Villa Taparelli
Address and contacts
Via Carletti - 42015 CorreggioOpening times
The villa is private and can only be viewed from the outside.
How to get there
Correggio
By car
Driving along the A22 Modena-Brennero motorway, exiting at the Carpi tollbooth and following the directions for Correggio (then following the SS468 towards the south);
using the A1 Milan - Bologna motorway, exiting at the Reggio Emilia tollbooth and following the signs for Carpi-Correggio (taking the SS468 in a northerly direction).
By train
The closer railway station to Correggio are Reggio Emilia (about 20 km) and Carpi (about 7 Km)
By bus
From Piazzale Europa - Reggio Emilia, bus n. 43 or 82
Historical notes
The building has a broad front with two projecting side bodies comprising the stables, the chapel, and the adjacent out-buildings. The façade is surmounted by a tower.
According to tradition, during the Renaissance period, this building was the “brothel of delights” of Nicolò da Correggio. It was situated along a branch of the mill canal which was used for gardens' watering.
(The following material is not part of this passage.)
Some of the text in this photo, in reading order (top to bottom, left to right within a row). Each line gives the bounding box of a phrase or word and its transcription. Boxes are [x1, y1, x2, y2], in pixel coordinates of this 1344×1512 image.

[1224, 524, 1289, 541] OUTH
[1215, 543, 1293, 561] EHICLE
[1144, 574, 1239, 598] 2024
Built in the first half of the 19th century using pre-existing elements, it has an imposing volume with quadrangular plan on two floors plus attic. The roof has a central addition with pediment crowning. The façade features an archivolt portal with decorative elements comprising two caryatids and heads with profiles of noblemen.
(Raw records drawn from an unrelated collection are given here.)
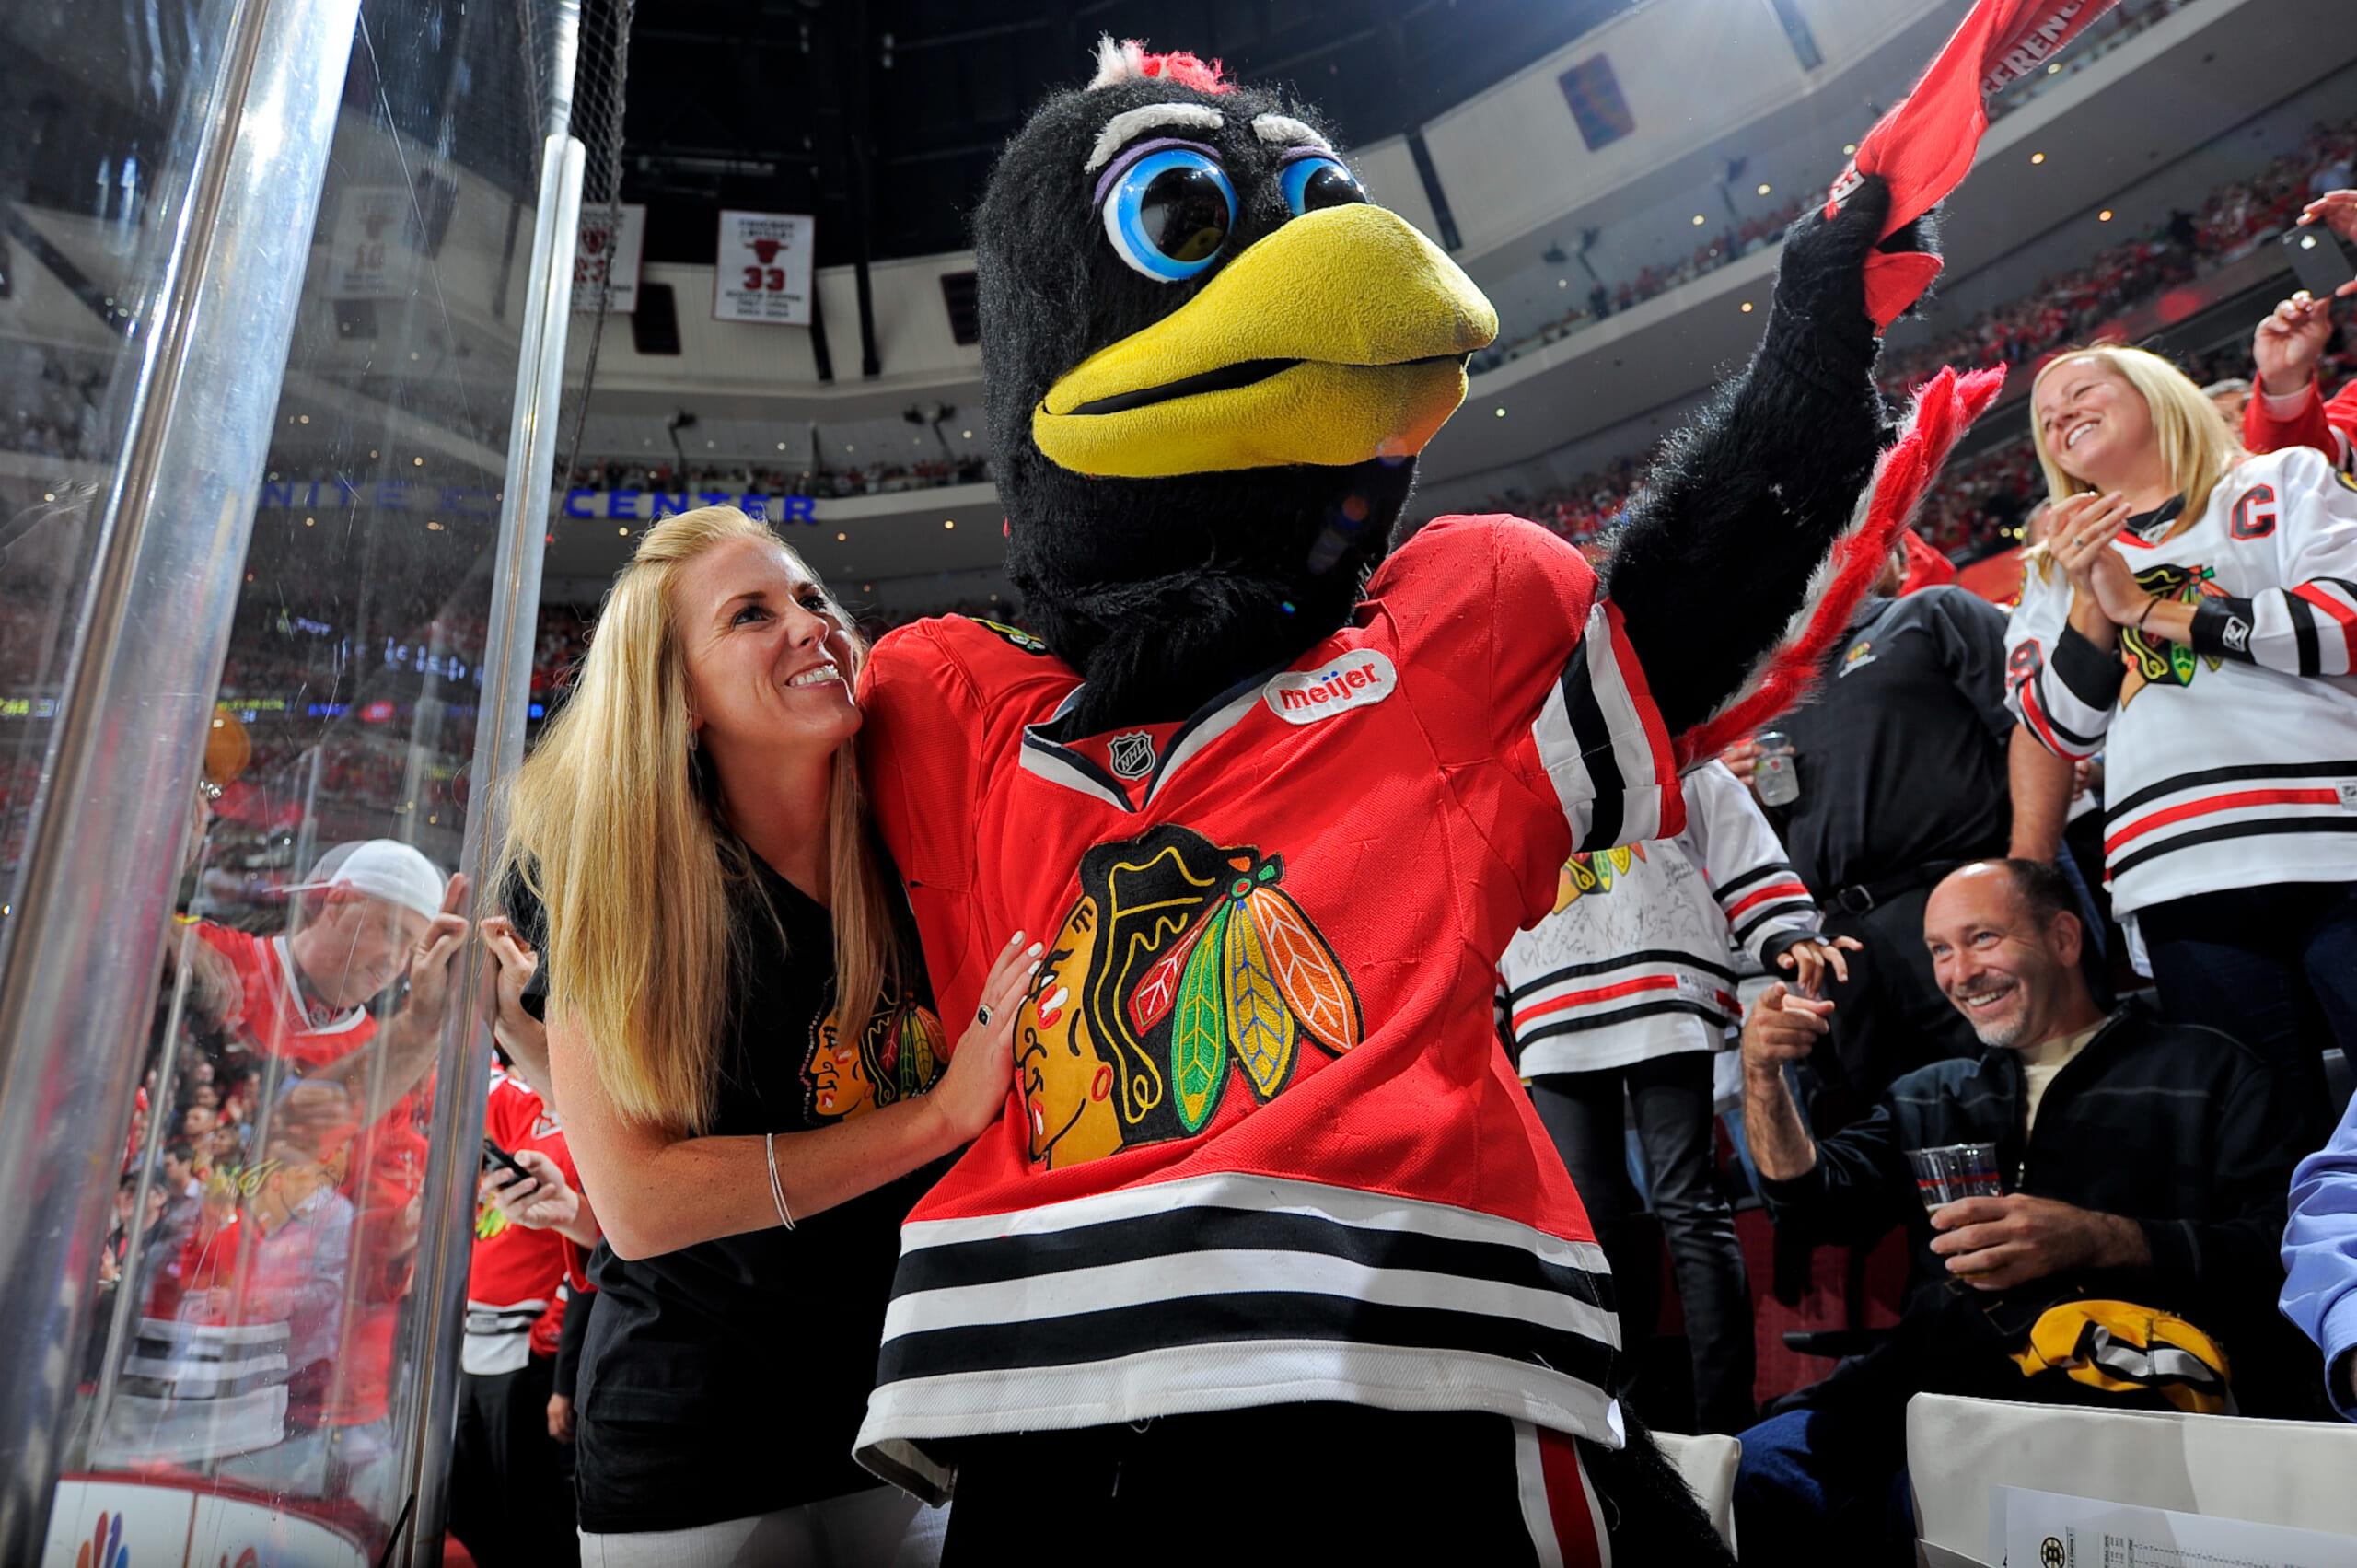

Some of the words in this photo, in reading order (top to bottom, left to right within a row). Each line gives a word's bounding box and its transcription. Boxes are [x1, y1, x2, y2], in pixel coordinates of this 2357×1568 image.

[1980, 0, 2087, 100] FERENC
[742, 265, 785, 291] 33
[564, 487, 817, 525] CENTER
[2231, 483, 2275, 541] C
[1279, 663, 1381, 710] meijer
[1120, 742, 1147, 771] NHL
Windows are regular and symmetrically distributed, distinguished at ground floor by an arch motive, and at "piano nobile" (first floor) by a tympanum decorative motive. Four tall polygonal chimneys stand against the façade in the spaces between the windows.
A portico with one flat arch, with balustraded upper terrace, connects the building to the oratory.
The east-facing façade has a simple profile contoured at the top by a moulded cornice.
The rear face has an attractive portal with niche and statue of a saint, architectural decorations and bell-gable at the top.
Villa Taparelli has hosted princes, noblemen, poets such as Ariosto and Tasso, and the emperor Charles V. The chronicles describe the role of the country residence as a place of delight, culture, and hospitality, as well as a “machine” for increasing the alodial property and apparatus for provisioning of choice goods.
Numerous count’s acts were drafted directly “ad Caxinum extra portam S. Joannis” and in 1518 a “codicil” to the will of Gilberto Da Correggio was drafted “in camera philosophorum” frescoed by Antonio Allegri.
The street is of considerable environmental interest for both the villa gardens and the hedges that line it.